Etiket: Topraksız

  • Kayseri’de topraksız tarım

    Kayseri Ticaret Borsası (KTB) topraksız tarım ile ilgili çalışma başlatarak, laboratuvarda demo üretim sistemi oluşturdu.

    Son zamanlarda gerçekleştirdiği çalışmalarla adından söz ettiren KTB, şimdi de topraksız tarım ile üyelerine hizmet vermeyi planlıyor. Topraksız tarımın su ile elde edilen ürünlere verilen isim olduğunu söyleyen KTB Yönetim Kurulu Başkanı Recep Bağlamış, bu sistem ile yılın 12 ayında üretim yapılabildiğini ifade etti. Bu sistem ile katma değeri yüksek ürünler elde edildiği takdirde çiftçilere kazanç sağlayacağını belirten Başkan Bağlamış; “Kayseri Ticaret Borsası olarak laboratuvarımıza topraksız tarımla ilgili bir demo oluşturduk. Çiftçi olan üyelerimize topraksız tarımla ilgili bilgi aktarabilmek, ne işe yaradığını, faydalarının neler olduğunu, ekim ve dikim sisteminin nasıl hareket ettiğini üyelerimize lanse edebilmeyi amaçladık. Bu sistem ilimizde çok yaygın hareket etmiyor ama Kayseri Şeker Fabrikamız buna yakın bir sistemle çalışıyor. Biz de bu sistemi laboratuvarımızda denedik. Ürün alanındaki katsayıya oranla su sisteminde daha fazla ürün elde edilebiliyor. Malum şehrimiz kış mevsiminde olumsuzluklar yaşayan bir şehir olduğundan bu ürünler 12 ay boyunca yetiştirilebiliyor. Biz demomuzu marul üzerinde denedik. Katma değeri yüksek farklı ürünler ekebiliyoruz. Bu ürünlerden verim elde edilirse özellikle çiftçilerimiz bu noktada kazanç sağlayacak. Onun dışında da ülkemize büyük anlamda ekonomik katkı sağlayacaktır” ifadelerini kullandı.

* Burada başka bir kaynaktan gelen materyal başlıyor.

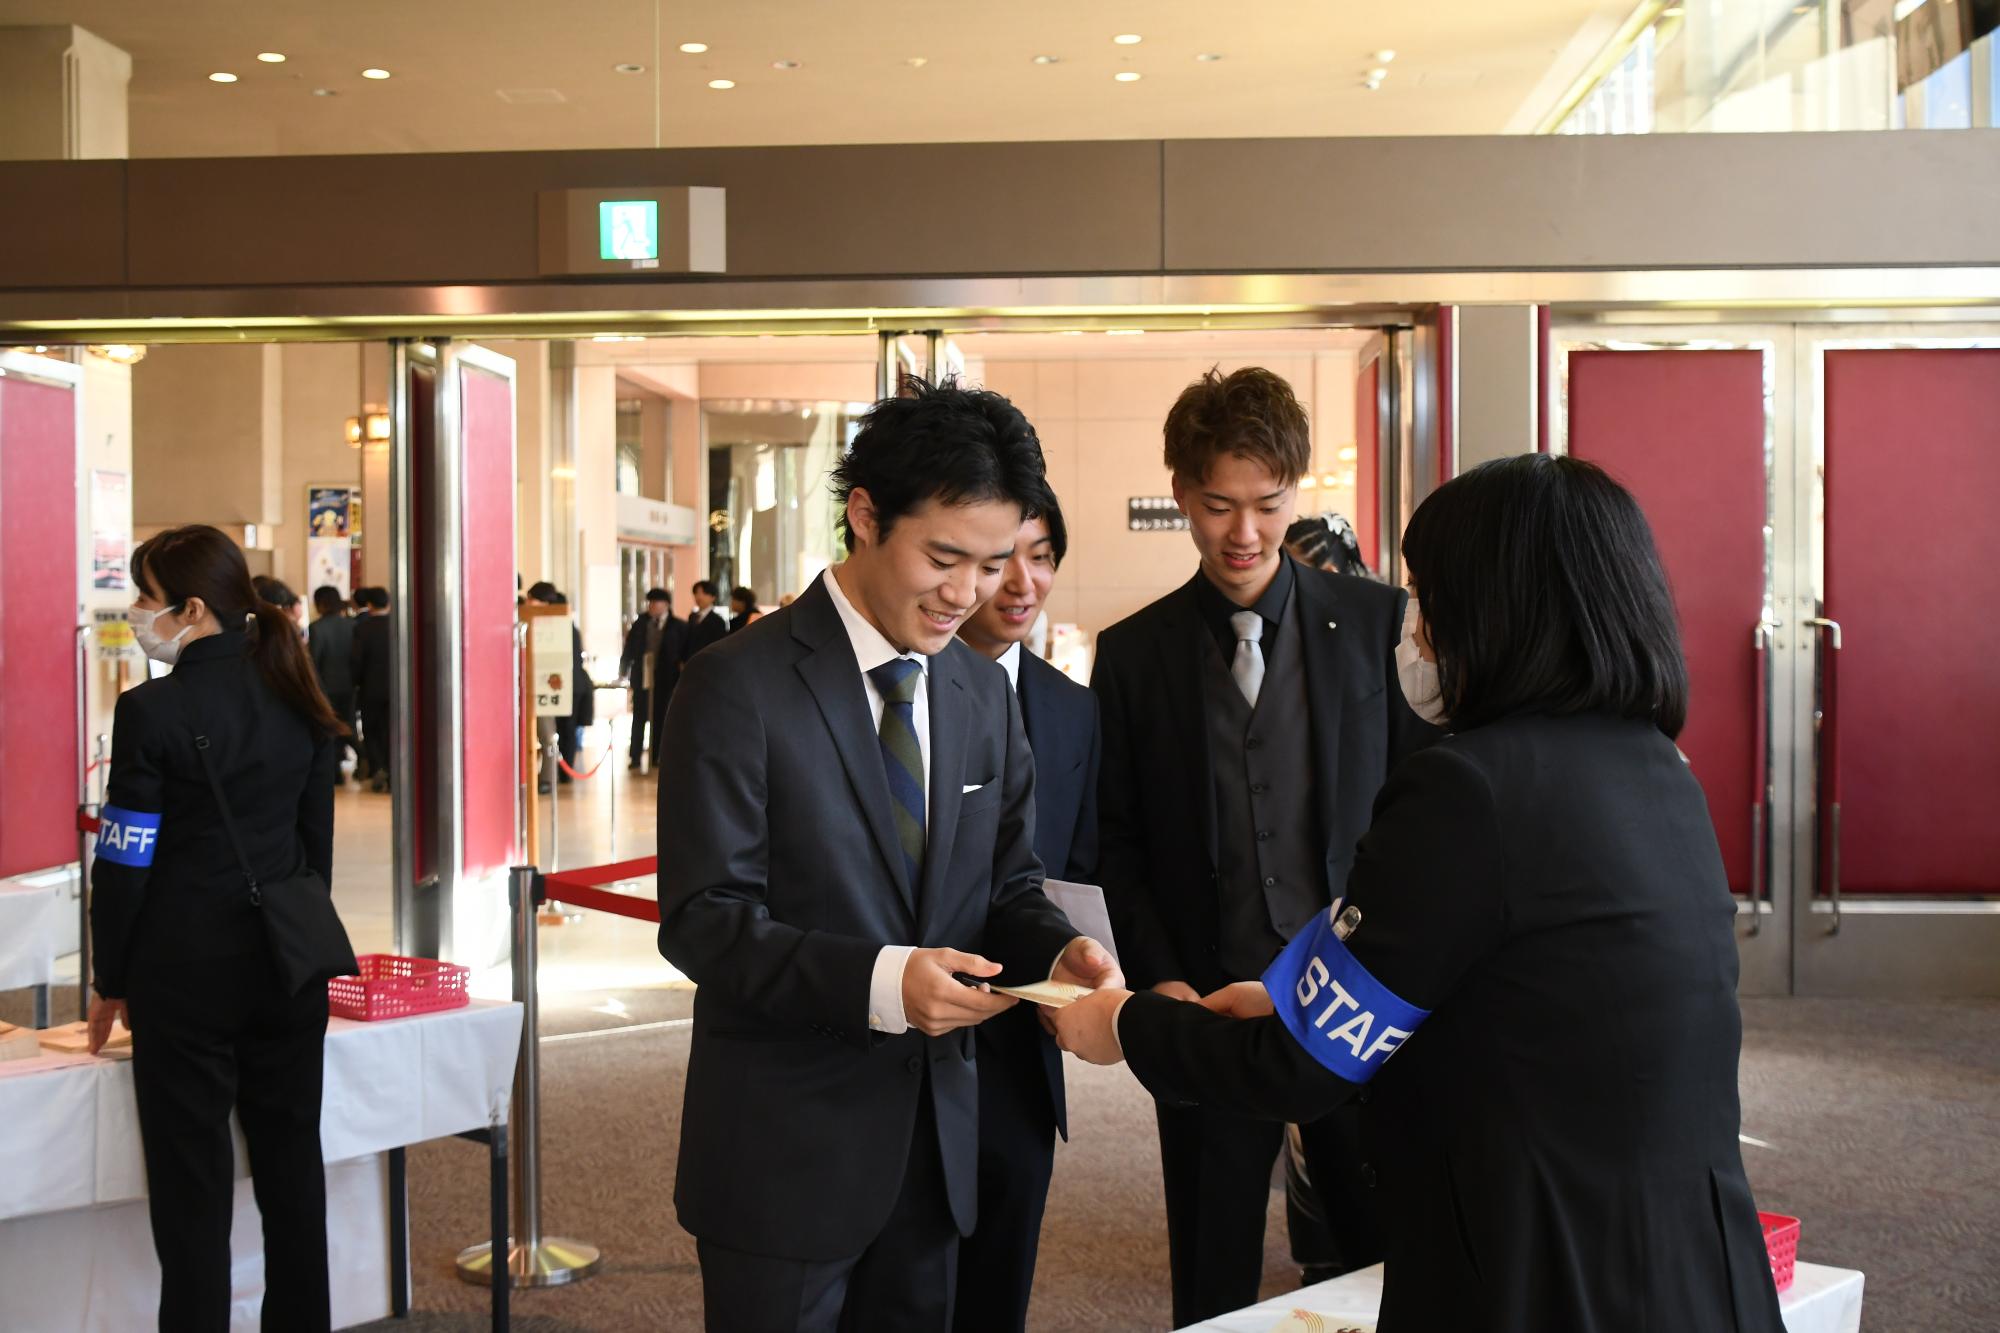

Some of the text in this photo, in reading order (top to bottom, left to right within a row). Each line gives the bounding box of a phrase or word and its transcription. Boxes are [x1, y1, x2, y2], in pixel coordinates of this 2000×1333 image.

[538, 694, 560, 706] です
[100, 818, 157, 854] TAFF
[1297, 956, 1414, 1064] STAF

    Laboratuvar Müdürü Kimyager Hakkı Arslan da topraksız tarımda daha fazla meyve ve ticari kalitesi yüksek ürün elde edildiğini kaydederek; “Dünyada ve ülkemizde topraklı tarımın birçok yan etkileri vardır. Bunlar; toprak kaybı, hastalık, toprak yorgunluğu, yer altı kaynaklarının kirlenmesi gibi büyük sorun teşkil etmekte ve bunlara çözüm aranmakta. Çözüm sistemi olarak topraksız tarımı önerebiliriz. Bu sistem ile birim alana dikilen ürün sayısı daha fazladır. 1 yıl boyunca ürün yetiştirme imkanımız vardır. Daha fazla meyve ve ticari kalitesi yüksek ürün sağlanmaktadır. İnşallah üyelerimize ticari ve hobi amaçlı, ziraatla uğraşan bütün halkımıza bu sistemi anlatacağız” diye konuştu.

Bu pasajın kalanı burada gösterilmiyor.